Gina Secura, Washington University in St. Louis School of Medicine, 2009
Project abstract
Contraceptive counseling is an important component of contraceptive decision-making, however little data exists on how to most effectively counsel patients. Patient decision aids have been successfully employed in other areas of healthcare decision-making and have been shown to result in increased knowledge, more realistic expectations, and decreased decisional conflict.
In this innovative study, we propose to conduct the formative research to develop a computerized decision aid to assist patients with contraceptive decision-making. This tool will incorporate social and cultural factors that influence women’s contraceptive decisions with the goal of increasing contraceptive knowledge, satisfaction, and decision certainty.

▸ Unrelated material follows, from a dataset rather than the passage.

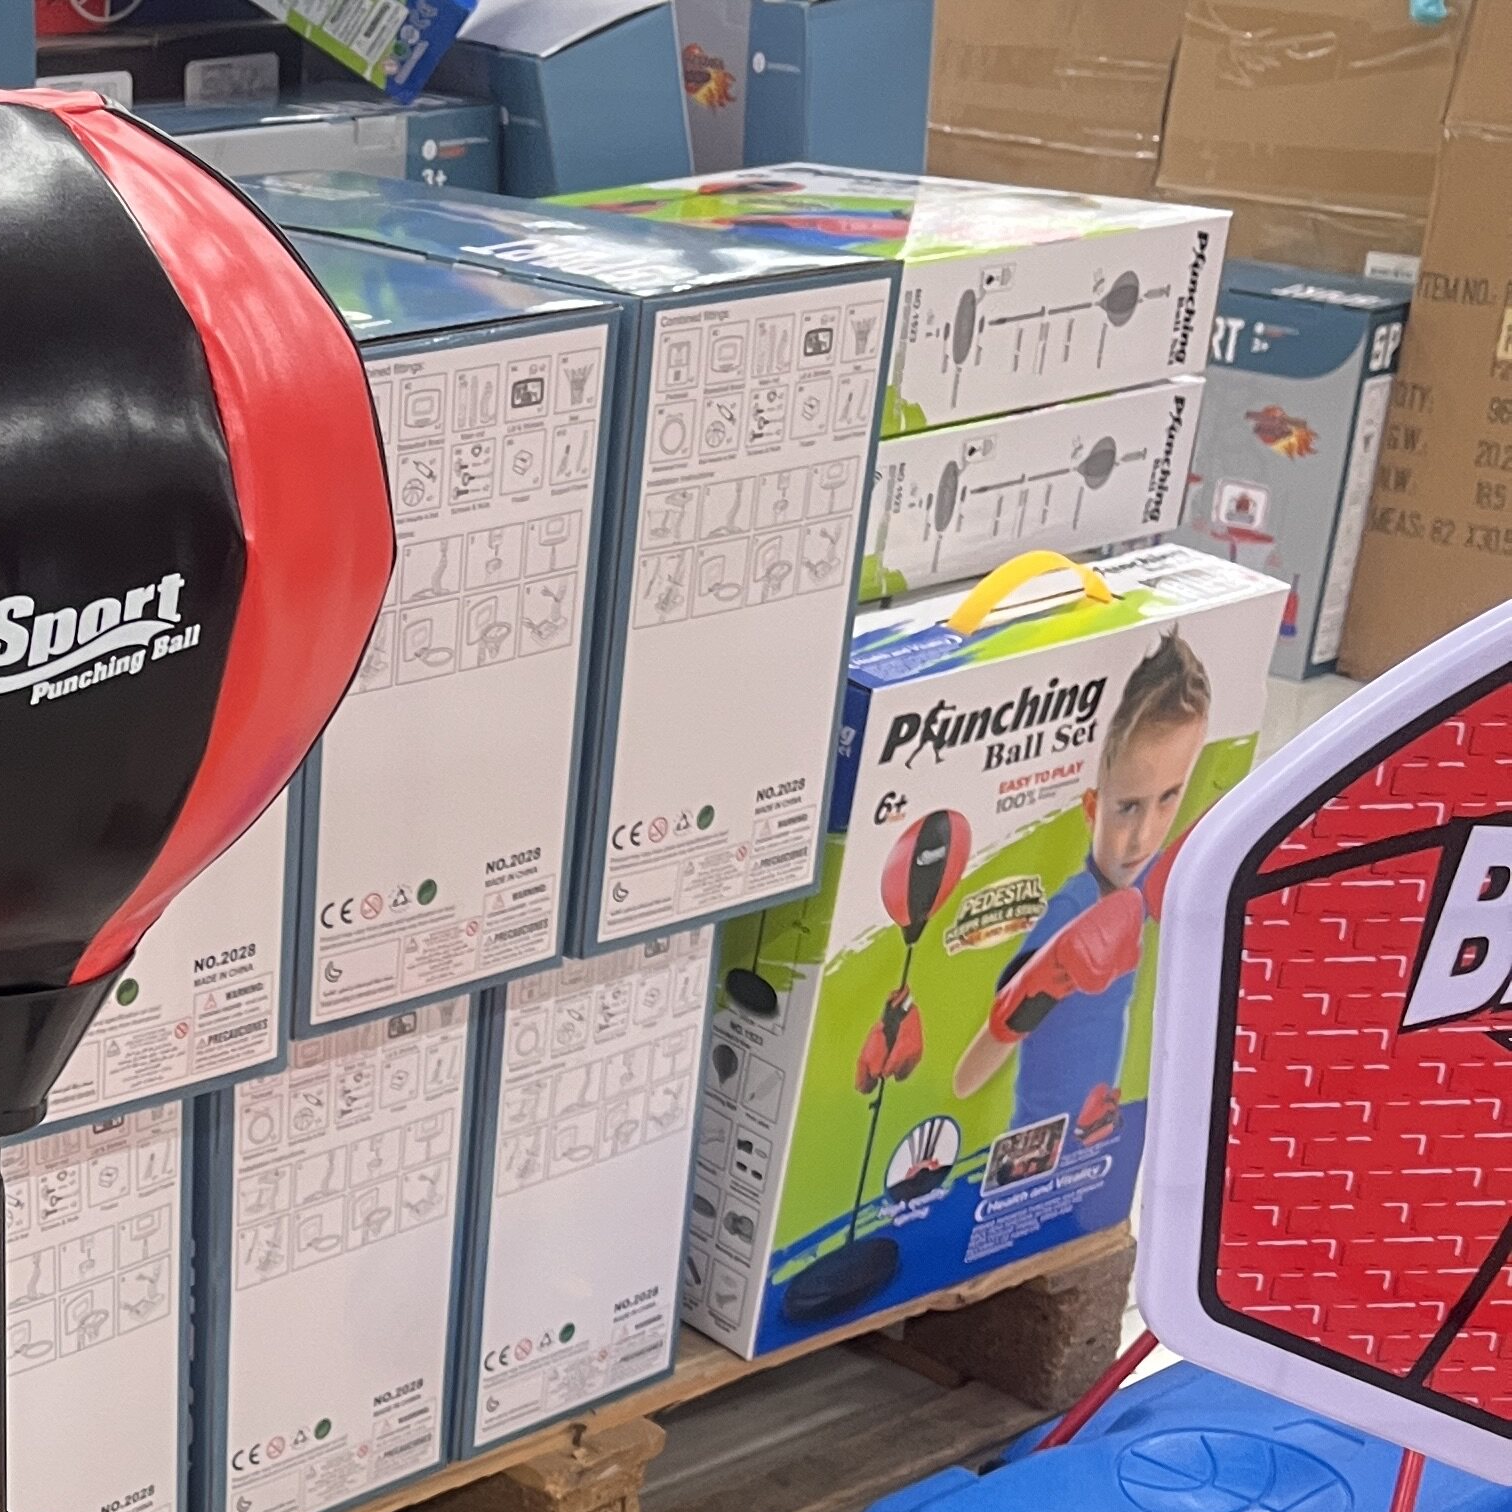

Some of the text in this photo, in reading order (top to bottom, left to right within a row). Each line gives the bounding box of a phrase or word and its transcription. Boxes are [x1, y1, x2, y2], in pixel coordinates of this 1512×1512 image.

We plan to use a mixed-methods approach to determine the importance and frequency of social and cultural factors in contraceptive decision-making. We will conduct focus groups with 50 women at high-risk for unintended pregnancy to initially identify social and cultural themes important in contraceptive decision-making. We will create and administer a written questionnaire to 250 women to determine the importance and frequency of these themes among a cohort of women seeking contraception.
We will use the results of the questionnaire to develop a computerized contraceptive decision tool that will incorporate social and cultural factors and prior medical, obstetric, gynecologic, and contraceptive history to assist the patient with contraceptive-decision making. Lastly, we will conduct a pilot randomized controlled trial and randomize women to the computerized contraceptive decision tool and standard clinical contraceptive counseling to evaluate the computerized decision aid and determine the feasibility of conducting a larger randomized controlled trial.
This project will utilize the resources of an established research team already successfully conducting a large study of contraceptive continuation and satisfaction. This study will also benefit from the large cohort of women seeking contraception who are being prospectively enrolled in this already funded study.